*** Information given ***
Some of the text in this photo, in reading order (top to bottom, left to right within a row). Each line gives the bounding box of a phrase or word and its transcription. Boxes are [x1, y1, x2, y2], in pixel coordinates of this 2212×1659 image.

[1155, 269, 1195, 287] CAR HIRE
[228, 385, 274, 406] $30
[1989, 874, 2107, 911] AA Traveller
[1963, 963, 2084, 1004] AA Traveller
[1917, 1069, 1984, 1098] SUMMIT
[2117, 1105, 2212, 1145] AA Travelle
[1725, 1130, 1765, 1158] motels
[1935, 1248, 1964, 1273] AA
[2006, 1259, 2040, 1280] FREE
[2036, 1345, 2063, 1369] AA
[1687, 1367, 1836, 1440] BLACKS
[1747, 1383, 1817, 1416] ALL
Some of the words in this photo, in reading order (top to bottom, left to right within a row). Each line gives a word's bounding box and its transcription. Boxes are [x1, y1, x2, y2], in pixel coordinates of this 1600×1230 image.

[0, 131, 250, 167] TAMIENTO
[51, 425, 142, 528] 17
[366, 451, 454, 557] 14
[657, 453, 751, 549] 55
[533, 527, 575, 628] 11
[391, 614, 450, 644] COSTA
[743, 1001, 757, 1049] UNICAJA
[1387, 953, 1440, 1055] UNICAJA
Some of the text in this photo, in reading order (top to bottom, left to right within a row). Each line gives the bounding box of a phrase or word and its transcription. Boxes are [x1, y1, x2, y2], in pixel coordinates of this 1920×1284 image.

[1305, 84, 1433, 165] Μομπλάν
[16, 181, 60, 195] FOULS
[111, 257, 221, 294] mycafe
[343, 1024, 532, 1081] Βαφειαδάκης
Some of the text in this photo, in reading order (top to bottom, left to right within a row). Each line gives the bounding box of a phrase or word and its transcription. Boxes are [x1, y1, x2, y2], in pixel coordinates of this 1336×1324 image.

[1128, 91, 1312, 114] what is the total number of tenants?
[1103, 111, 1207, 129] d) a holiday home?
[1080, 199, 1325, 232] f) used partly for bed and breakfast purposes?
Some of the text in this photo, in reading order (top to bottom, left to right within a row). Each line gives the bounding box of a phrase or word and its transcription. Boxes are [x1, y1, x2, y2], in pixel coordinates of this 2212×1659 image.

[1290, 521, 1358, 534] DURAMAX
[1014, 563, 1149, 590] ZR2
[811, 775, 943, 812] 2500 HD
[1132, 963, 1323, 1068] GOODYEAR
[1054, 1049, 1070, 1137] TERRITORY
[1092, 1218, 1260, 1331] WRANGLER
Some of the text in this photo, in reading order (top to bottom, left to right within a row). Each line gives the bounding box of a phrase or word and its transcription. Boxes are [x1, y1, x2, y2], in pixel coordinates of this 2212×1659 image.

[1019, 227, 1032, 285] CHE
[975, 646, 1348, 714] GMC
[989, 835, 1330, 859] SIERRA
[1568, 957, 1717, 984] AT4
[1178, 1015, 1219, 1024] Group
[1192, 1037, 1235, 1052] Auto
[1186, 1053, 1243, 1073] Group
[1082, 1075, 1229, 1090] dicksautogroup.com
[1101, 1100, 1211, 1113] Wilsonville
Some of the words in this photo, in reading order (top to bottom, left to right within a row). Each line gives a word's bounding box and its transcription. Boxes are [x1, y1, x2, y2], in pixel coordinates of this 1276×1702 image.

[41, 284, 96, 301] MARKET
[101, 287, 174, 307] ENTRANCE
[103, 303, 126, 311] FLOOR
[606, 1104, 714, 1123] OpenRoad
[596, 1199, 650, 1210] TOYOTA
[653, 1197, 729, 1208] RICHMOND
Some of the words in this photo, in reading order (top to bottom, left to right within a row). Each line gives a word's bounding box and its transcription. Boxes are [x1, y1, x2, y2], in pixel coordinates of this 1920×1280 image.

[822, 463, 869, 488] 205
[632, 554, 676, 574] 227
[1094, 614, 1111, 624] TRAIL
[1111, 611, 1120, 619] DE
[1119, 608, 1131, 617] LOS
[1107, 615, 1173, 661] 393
*** End of Information given ***
## What the exercise asks:
Each line, starting with the one containing "this 1276×1702 image." and ending with the last line of the records above, should be reproduced exactly.

## Solution for this exercise:
Some of the words in this photo, in reading order (top to bottom, left to right within a row). Each line gives a word's bounding box and its transcription. Boxes are [x1, y1, x2, y2], in pixel coordinates of this 1276×1702 image.

[41, 284, 96, 301] MARKET
[101, 287, 174, 307] ENTRANCE
[103, 303, 126, 311] FLOOR
[606, 1104, 714, 1123] OpenRoad
[596, 1199, 650, 1210] TOYOTA
[653, 1197, 729, 1208] RICHMOND
Some of the words in this photo, in reading order (top to bottom, left to right within a row). Each line gives a word's bounding box and its transcription. Boxes are [x1, y1, x2, y2], in pixel coordinates of this 1920×1280 image.

[822, 463, 869, 488] 205
[632, 554, 676, 574] 227
[1094, 614, 1111, 624] TRAIL
[1111, 611, 1120, 619] DE
[1119, 608, 1131, 617] LOS
[1107, 615, 1173, 661] 393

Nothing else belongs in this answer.